-- Instructions for the task --
Because the pictures are not wanted, give back only the exact text of every entry below.

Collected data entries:
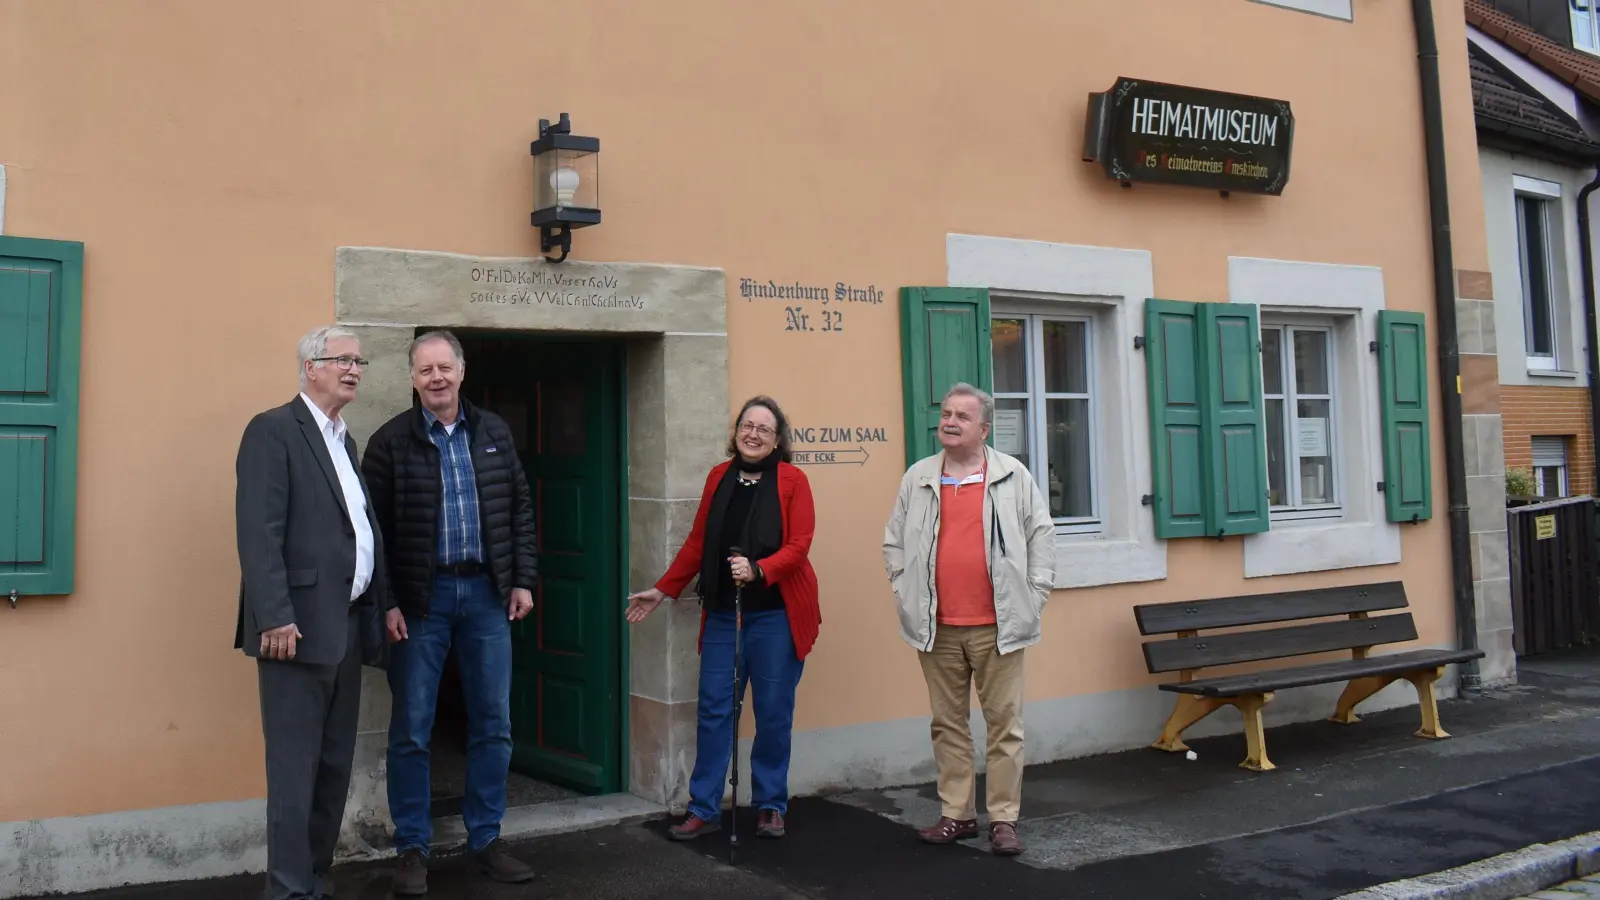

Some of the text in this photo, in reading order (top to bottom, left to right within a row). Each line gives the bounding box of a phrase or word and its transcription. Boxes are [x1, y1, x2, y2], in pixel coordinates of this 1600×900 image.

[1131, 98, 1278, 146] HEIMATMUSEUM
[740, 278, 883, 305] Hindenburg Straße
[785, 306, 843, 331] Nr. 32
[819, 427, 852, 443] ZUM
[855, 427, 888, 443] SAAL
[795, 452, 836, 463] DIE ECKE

-- Answer to this task --
Some of the text in this photo, in reading order (top to bottom, left to right within a row). Each line gives the bounding box of a phrase or word and its transcription. Boxes are [x1, y1, x2, y2], in pixel coordinates of this 1600×900 image.

[1131, 98, 1278, 146] HEIMATMUSEUM
[740, 278, 883, 305] Hindenburg Straße
[785, 306, 843, 331] Nr. 32
[819, 427, 852, 443] ZUM
[855, 427, 888, 443] SAAL
[795, 452, 836, 463] DIE ECKE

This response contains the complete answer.